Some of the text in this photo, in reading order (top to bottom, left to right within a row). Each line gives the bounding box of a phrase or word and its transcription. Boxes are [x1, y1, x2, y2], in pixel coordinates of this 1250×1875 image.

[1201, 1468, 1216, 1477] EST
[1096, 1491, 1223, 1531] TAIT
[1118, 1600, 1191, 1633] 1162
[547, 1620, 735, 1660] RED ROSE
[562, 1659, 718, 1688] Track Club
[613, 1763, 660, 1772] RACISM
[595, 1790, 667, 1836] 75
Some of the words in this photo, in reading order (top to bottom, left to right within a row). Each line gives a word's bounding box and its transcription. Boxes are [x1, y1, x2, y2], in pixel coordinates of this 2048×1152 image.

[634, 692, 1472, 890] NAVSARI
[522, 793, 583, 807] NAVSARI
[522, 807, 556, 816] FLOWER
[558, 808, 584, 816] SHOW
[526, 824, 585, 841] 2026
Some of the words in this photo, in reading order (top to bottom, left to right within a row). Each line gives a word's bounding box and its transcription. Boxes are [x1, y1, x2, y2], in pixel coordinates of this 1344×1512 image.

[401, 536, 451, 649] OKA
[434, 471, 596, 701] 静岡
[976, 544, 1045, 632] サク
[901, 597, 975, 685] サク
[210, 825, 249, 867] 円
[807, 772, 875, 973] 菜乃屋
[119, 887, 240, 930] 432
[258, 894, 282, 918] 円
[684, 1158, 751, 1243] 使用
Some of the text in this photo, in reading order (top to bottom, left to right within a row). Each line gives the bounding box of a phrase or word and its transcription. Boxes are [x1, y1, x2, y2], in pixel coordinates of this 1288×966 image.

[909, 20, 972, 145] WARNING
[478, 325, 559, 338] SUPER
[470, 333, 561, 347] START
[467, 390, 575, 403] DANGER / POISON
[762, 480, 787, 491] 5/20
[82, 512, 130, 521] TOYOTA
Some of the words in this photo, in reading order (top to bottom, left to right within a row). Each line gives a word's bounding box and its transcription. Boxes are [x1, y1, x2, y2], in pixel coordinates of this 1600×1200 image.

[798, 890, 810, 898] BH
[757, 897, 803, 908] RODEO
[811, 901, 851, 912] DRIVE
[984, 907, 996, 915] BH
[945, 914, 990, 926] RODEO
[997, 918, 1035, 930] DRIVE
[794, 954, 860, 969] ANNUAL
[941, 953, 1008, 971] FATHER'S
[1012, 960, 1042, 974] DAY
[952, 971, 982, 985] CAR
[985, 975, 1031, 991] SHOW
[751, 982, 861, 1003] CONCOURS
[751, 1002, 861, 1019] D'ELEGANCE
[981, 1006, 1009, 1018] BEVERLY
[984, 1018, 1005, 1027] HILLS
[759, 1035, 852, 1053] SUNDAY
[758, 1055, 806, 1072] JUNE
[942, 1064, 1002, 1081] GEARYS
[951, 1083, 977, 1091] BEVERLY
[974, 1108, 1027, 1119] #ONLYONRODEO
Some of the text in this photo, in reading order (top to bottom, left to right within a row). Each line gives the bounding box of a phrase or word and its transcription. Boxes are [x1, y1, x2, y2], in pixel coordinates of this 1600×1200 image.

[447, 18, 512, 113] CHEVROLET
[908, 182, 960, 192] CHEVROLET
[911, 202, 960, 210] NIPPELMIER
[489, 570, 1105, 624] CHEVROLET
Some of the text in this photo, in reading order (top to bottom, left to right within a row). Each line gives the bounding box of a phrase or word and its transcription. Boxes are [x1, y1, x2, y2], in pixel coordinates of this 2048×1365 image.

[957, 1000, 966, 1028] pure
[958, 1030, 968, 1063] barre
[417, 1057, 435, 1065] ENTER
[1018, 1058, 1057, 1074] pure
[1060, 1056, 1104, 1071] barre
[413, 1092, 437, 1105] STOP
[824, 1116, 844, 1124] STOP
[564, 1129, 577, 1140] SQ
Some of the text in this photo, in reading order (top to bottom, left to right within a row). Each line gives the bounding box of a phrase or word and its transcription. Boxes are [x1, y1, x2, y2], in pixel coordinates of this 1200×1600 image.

Work task:
Write every record out again, letter for letter.

Exercise answer:
Some of the text in this photo, in reading order (top to bottom, left to right within a row). Each line gives the bounding box of a phrase or word and its transcription. Boxes are [x1, y1, x2, y2], in pixel coordinates of this 1250×1875 image.

[1201, 1468, 1216, 1477] EST
[1096, 1491, 1223, 1531] TAIT
[1118, 1600, 1191, 1633] 1162
[547, 1620, 735, 1660] RED ROSE
[562, 1659, 718, 1688] Track Club
[613, 1763, 660, 1772] RACISM
[595, 1790, 667, 1836] 75
Some of the words in this photo, in reading order (top to bottom, left to right within a row). Each line gives a word's bounding box and its transcription. Boxes are [x1, y1, x2, y2], in pixel coordinates of this 2048×1152 image.

[634, 692, 1472, 890] NAVSARI
[522, 793, 583, 807] NAVSARI
[522, 807, 556, 816] FLOWER
[558, 808, 584, 816] SHOW
[526, 824, 585, 841] 2026
Some of the words in this photo, in reading order (top to bottom, left to right within a row). Each line gives a word's bounding box and its transcription. Boxes are [x1, y1, x2, y2], in pixel coordinates of this 1344×1512 image.

[401, 536, 451, 649] OKA
[434, 471, 596, 701] 静岡
[976, 544, 1045, 632] サク
[901, 597, 975, 685] サク
[210, 825, 249, 867] 円
[807, 772, 875, 973] 菜乃屋
[119, 887, 240, 930] 432
[258, 894, 282, 918] 円
[684, 1158, 751, 1243] 使用
Some of the text in this photo, in reading order (top to bottom, left to right within a row). Each line gives the bounding box of a phrase or word and its transcription. Boxes are [x1, y1, x2, y2], in pixel coordinates of this 1288×966 image.

[909, 20, 972, 145] WARNING
[478, 325, 559, 338] SUPER
[470, 333, 561, 347] START
[467, 390, 575, 403] DANGER / POISON
[762, 480, 787, 491] 5/20
[82, 512, 130, 521] TOYOTA
Some of the words in this photo, in reading order (top to bottom, left to right within a row). Each line gives a word's bounding box and its transcription. Boxes are [x1, y1, x2, y2], in pixel coordinates of this 1600×1200 image.

[798, 890, 810, 898] BH
[757, 897, 803, 908] RODEO
[811, 901, 851, 912] DRIVE
[984, 907, 996, 915] BH
[945, 914, 990, 926] RODEO
[997, 918, 1035, 930] DRIVE
[794, 954, 860, 969] ANNUAL
[941, 953, 1008, 971] FATHER'S
[1012, 960, 1042, 974] DAY
[952, 971, 982, 985] CAR
[985, 975, 1031, 991] SHOW
[751, 982, 861, 1003] CONCOURS
[751, 1002, 861, 1019] D'ELEGANCE
[981, 1006, 1009, 1018] BEVERLY
[984, 1018, 1005, 1027] HILLS
[759, 1035, 852, 1053] SUNDAY
[758, 1055, 806, 1072] JUNE
[942, 1064, 1002, 1081] GEARYS
[951, 1083, 977, 1091] BEVERLY
[974, 1108, 1027, 1119] #ONLYONRODEO
Some of the text in this photo, in reading order (top to bottom, left to right within a row). Each line gives the bounding box of a phrase or word and its transcription. Boxes are [x1, y1, x2, y2], in pixel coordinates of this 1600×1200 image.

[447, 18, 512, 113] CHEVROLET
[908, 182, 960, 192] CHEVROLET
[911, 202, 960, 210] NIPPELMIER
[489, 570, 1105, 624] CHEVROLET
Some of the text in this photo, in reading order (top to bottom, left to right within a row). Each line gives the bounding box of a phrase or word and its transcription. Boxes are [x1, y1, x2, y2], in pixel coordinates of this 2048×1365 image.

[957, 1000, 966, 1028] pure
[958, 1030, 968, 1063] barre
[417, 1057, 435, 1065] ENTER
[1018, 1058, 1057, 1074] pure
[1060, 1056, 1104, 1071] barre
[413, 1092, 437, 1105] STOP
[824, 1116, 844, 1124] STOP
[564, 1129, 577, 1140] SQ
Some of the text in this photo, in reading order (top to bottom, left to right within a row). Each line gives the bounding box of a phrase or word and its transcription. Boxes are [x1, y1, x2, y2], in pixel coordinates of this 1200×1600 image.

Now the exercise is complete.